As CCSP senior associate Rick Piltz put it in a memorandum to Mahoney and other superiors after he resigned earlier this year, "the overarching problem is that the administration -- acting primarily through senior positions in the Executive Office of the President, and to some extent the State Department, and aligning itself with some of its key allies -- does not want and has acted to impede forthright communication of the state of climate science and its implications for society." He adds:
The administration will not accept and use appropriately the findings and conclusions of the national and international climate assessments, and it hinders and even prevents the climate science program from doing so. In 14 years -- 10 years working with the program and, before that, with the House Science Committee I have seen the program and its leadership go through a lot of changes. Each administration has a policy position on climate change. But I have not seen a situation like the one that has developed under this administration during the past four years, in which the politicization by the White House has fed back directly into the science program in such a way as to undermine the credibility and integrity of the program in its relationship to the research community, to program managers, to policy makers, and to the public interest.

* * *
A flagrant and fundamental example of the politicization of the CCSP has been the treatment under this Administration of the U.S. National Assessment of the Potential Consequences of Climate Variability and Change. The National Assessment is the most substantial scientifically based climate change assessment project in the history of the program to date... .The Administration decided early-on to essentially send the National Assessment into a black hole ... .

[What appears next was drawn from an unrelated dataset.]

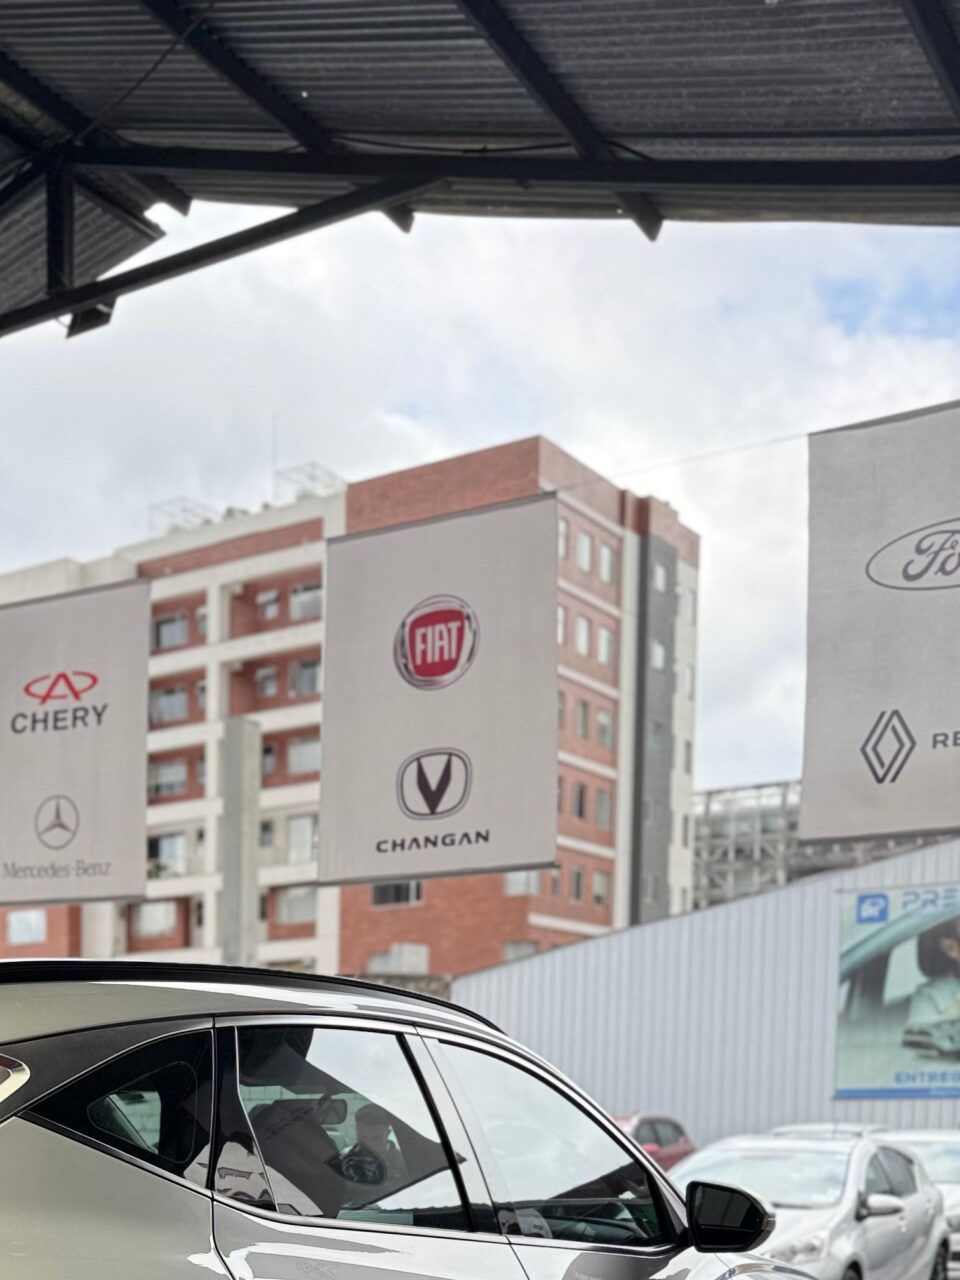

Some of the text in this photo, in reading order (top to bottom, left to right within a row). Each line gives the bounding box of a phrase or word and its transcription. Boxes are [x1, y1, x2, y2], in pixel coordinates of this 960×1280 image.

In simple English, the scientists involved with CCSP wanted to produce a scientific report while the Administration would accept only an ideologically-driven endorsement of the petroleum industry's "What, me worry?" campaign. Or, as Ana Unruh Cohen presciently put it earlier this year, even as Mr. Bush was busy creating "a false crisis" in Social Security his administration was studiously ignoring "the real crisis of climate change."

Bush didn't cause the New Orleans catastrophe, of course. But when he addresses the nation Thursday we should look for any glimmer of understanding that New Orleans is a wake-up call for him to take the necessary steps to protect all vulnerable areas of the nation from the potentially cataclysmic effects of global climate change.